Happy message(キッド)

(*'ω'*)番外編『愉快で愉快な羽根つき大会』の続きとなります。

キッド(17)×テリー(13)

―――――――――――――――――――――――――
















「もしかして、テリーお嬢様、誰かと帰られる予定でしたか?」


サリアの言葉に、あたしは首を振った。


「ううん。誰とも帰らない。まっすぐ帰ろうと思ってたの」


さあ、帰りましょう。


「ちょーーーっと待った」


がしっ、と肩を掴まれて、あたしの背筋が凍る。


(げっ…)


「テリー?」


振り向くと、にこにこ笑うキッドが、そこにいる。


「年賀状は?」

「…………」

「…年賀状?」


サリアが、きょとんと、黙るあたしを見下ろした。


「テリーお嬢様、何のことですか?」

「ふふっ。マドモワゼル、聞いてくださいよ」


この不届き者、俺に年賀状を用意するのを『忘れていた』ようなんです。


「今から、家で、速攻で、書かせて、それからお返ししますので、どうぞ先にお帰りください」


素敵な笑顔を浮かべるキッドに、サリアが大袈裟に驚く動作をした。


「あら、そうでしたか…。なるほど。羽根つきはそういう事だったのですね」

「いかにも」

「駄目ですよ。お嬢様。お友達皆に用意しないと」


(ぐっ…!サリアめ…!すごく面白そうだと言いたげに目を光らせている…!)


サリアが微笑み、キッドに頭を下げた。


「そういうことでしたら、お嬢様をどうぞ、よろしくお願いします」

「はい!大切にしてお返しいたしますので!」


にこにこと微笑み、あたしの腕をがっしり掴んでいる。


(うううううううう!助けて!サリア!)


「それでは行きますよ。
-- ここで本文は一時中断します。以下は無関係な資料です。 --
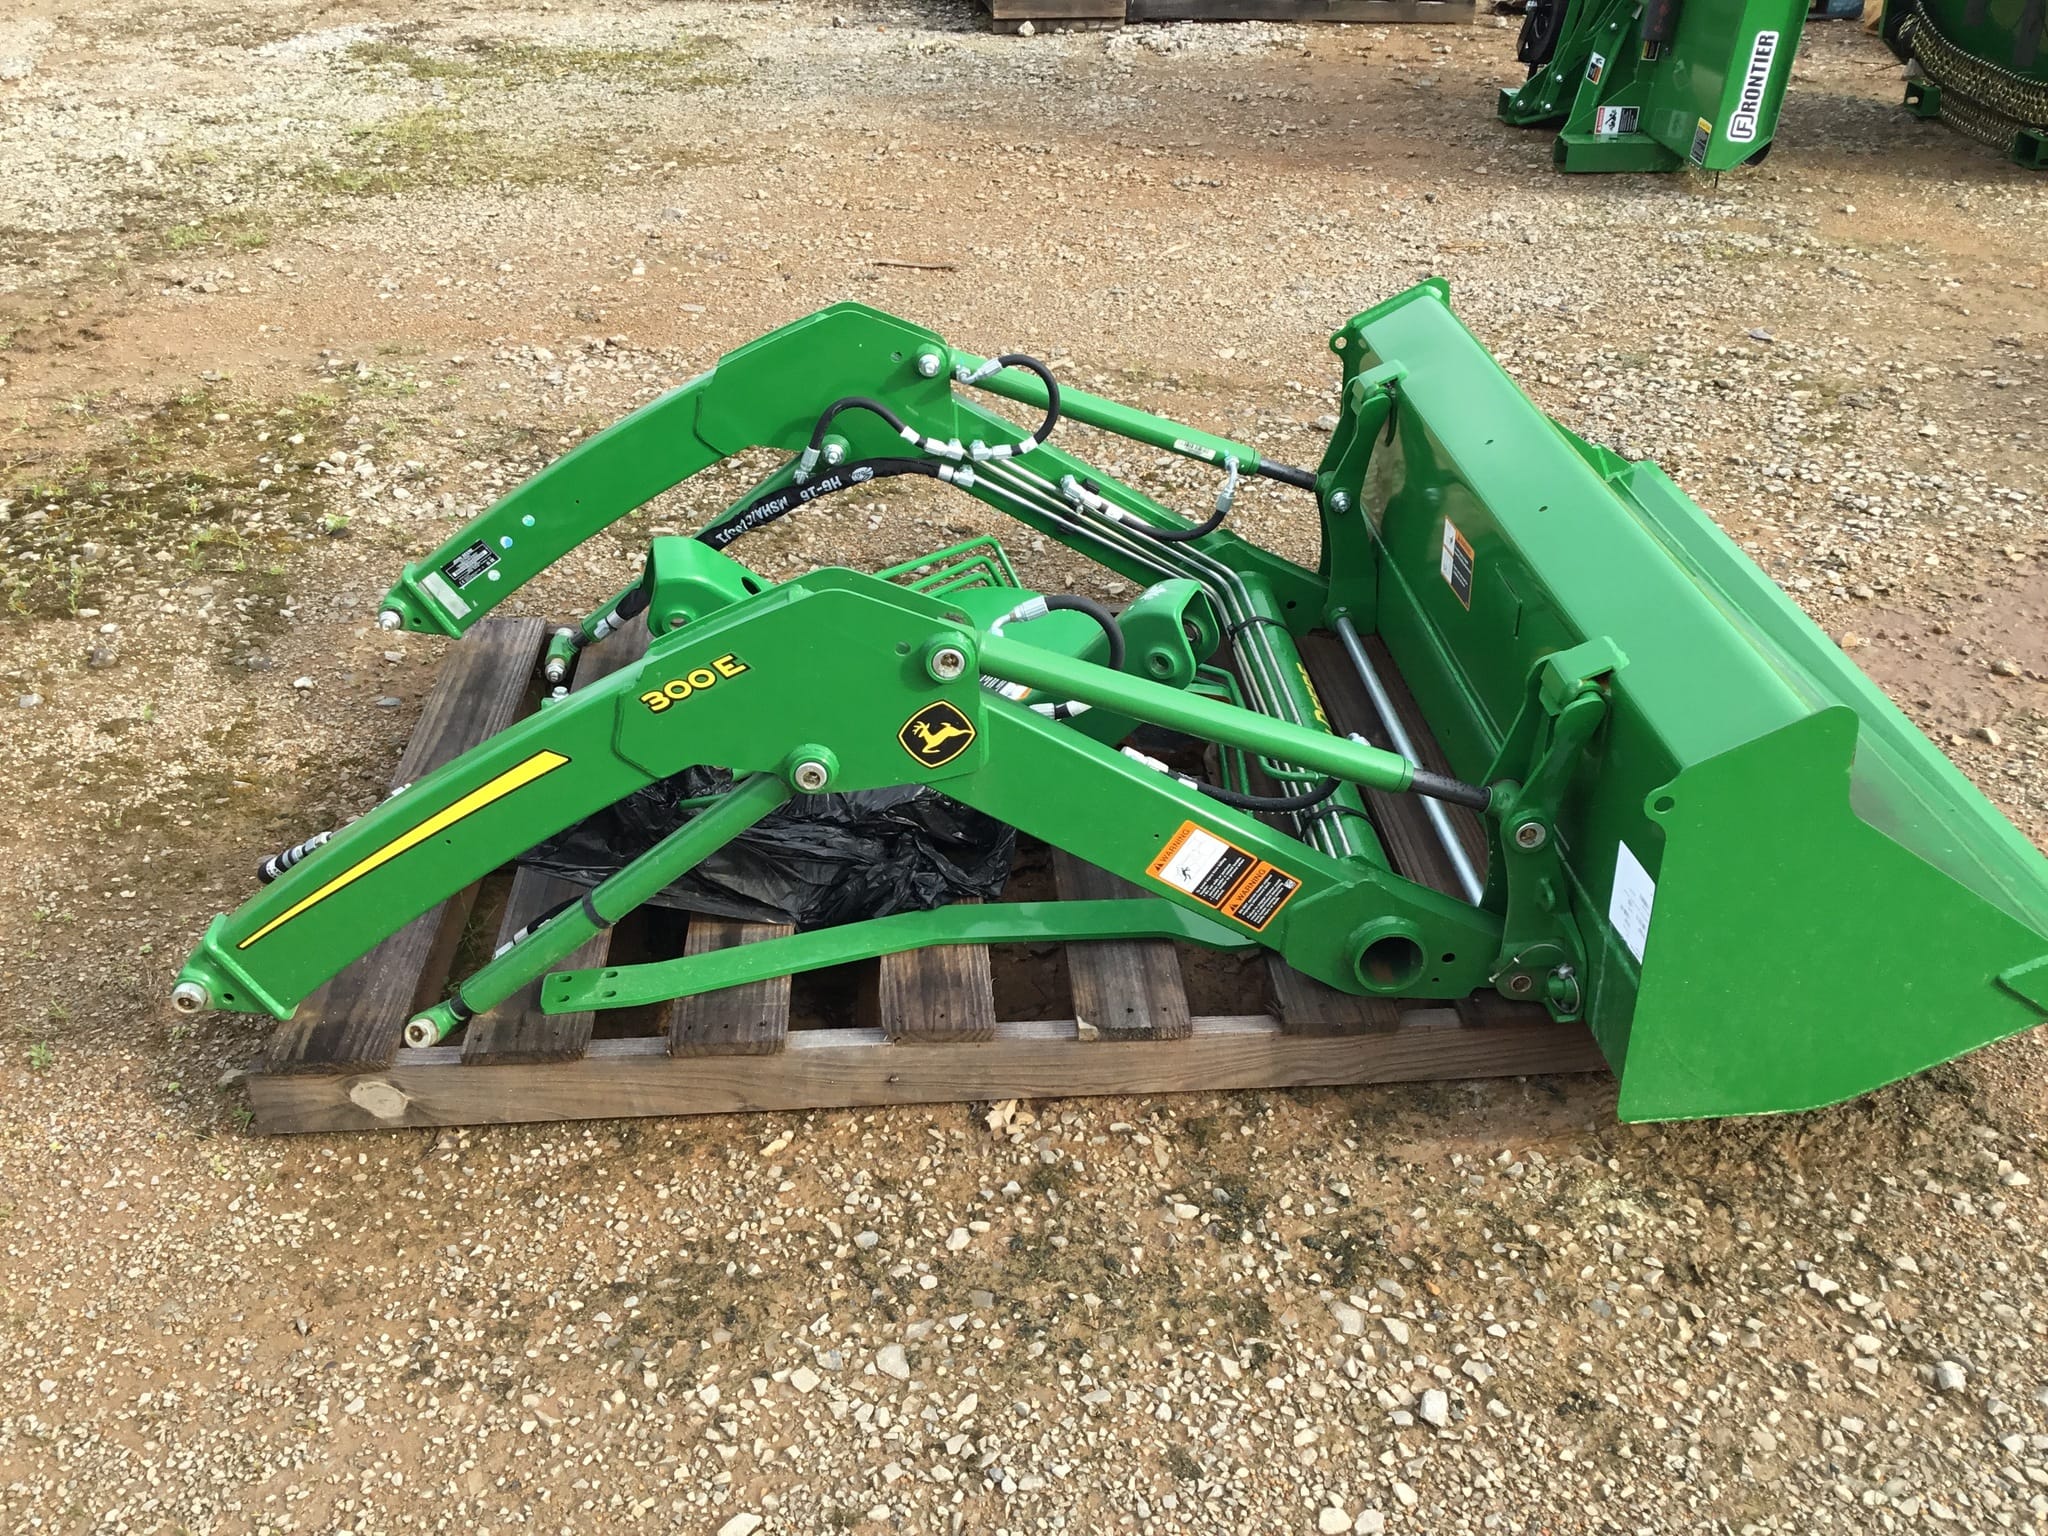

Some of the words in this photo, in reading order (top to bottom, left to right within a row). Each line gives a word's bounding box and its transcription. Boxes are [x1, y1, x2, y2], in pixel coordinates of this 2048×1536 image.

[1730, 34, 1775, 139] FRONTIER
[800, 475, 843, 501] HG-16
[638, 652, 751, 714] 300E
[1160, 829, 1190, 862] WARNING
[1238, 868, 1266, 901] WARNING
メニーお嬢様」

「あ、えっと…」


ちらっとあたしを見て、その後ろにいるにっこにこのキッドを見て、顔を背けた。


「…はい…。サリア、帰ります…」


(メニー!てめっ!裏切り者ぉおおおお!!)


はっ。


(リトルルビィ!ソフィア!)


「じゃあ、リトルルビィ、私たちは私たちで街を歩こうか」

「賛成!」

「お雑煮食べるかい?」

「うん!食べたい!」

「うん、おいで」


(てめえええらああああああ!!)


わなわなと震えあがるあたしに振り向き、ソフィアがくすすと、笑った。


「ごめんね、テリー。キッド殿下と楽しんで」

「じゃあね。テリー!」

「あっ…!待って!」


(この王子様と二人は無理!)


なんて言ったって、今のキッドは不機嫌MAX!!

ソフィアはわかっているように、そそくさとリトルルビィの手を取って、歩いて行ってしまう。


(ぐうう…!畜生…!ソフィア…!頼れるリトルルビィだけでも置いていきなさいよ…!)


助けを求めて手を伸ばすと、キッドがその手首を掴み、あたしを引っ張った。


「ほら、いくぞー」

「ひえっ…!」


そのままビリーが用意した馬車に引きずられる。


(…ち、畜生……!)


「ほら乗って」

「ううっ…!」


唸りながら、しぶしぶ馬車に乗り、ビリーが運転席に乗り込む。

馬が動き出す。馬車が動く。四人の姿がどんどん遠くなっていく。


(あーあ…)


窓硝子から顔を覗かせて、ため息をついた。


(あたしの人生…もう終わった…)


「ったく、年賀状書かせるだけで一苦労だ」


後ろから声が聞こえて、びくっと肩が上がる。その不機嫌な声に、振り向くことは出来ない。低い声が、あたしに声をかけてくる。


「お前覚えてろよ。家に着いたら虐めてやる。虐め倒してやる」

「…前に酷いことしないって、誓ったくせに…」

「そうだよ。酷いことはしないよ」


キッドが頷いた。


「あくまで、愛ある痛みを与えてあげるんだよ。テリー?」


(ううううううううううううう……!)


怖い!怖い!!


(あたしどうなっちゃうの…!)


顔を青ざめて、後ろから睨んでくる痛い視線を感じながら、窓の風景を眺めていた。



(*'ω'*)





キッドの部屋に入ると、机に向き合うことになる。座るのは椅子じゃなくて、キッドの膝の上。


(なんでまた膝の上…)


「座高が高い方が書きやすい」


キッドは嬉しそうに、あたしを抱え、机を覗く。


「ほらテリー、ここに名前書いて」

「…?ちょっと待って」


年賀状でしょ?


「何でこんな紙に名前を書かないといけないわけ?」


何かの書類みたい。


「キッド、手どけて。何これ」

「……」


そっと、キッドが手を退ける。年賀状の前に名前を書きそうになった紙を、もう一度よく見る。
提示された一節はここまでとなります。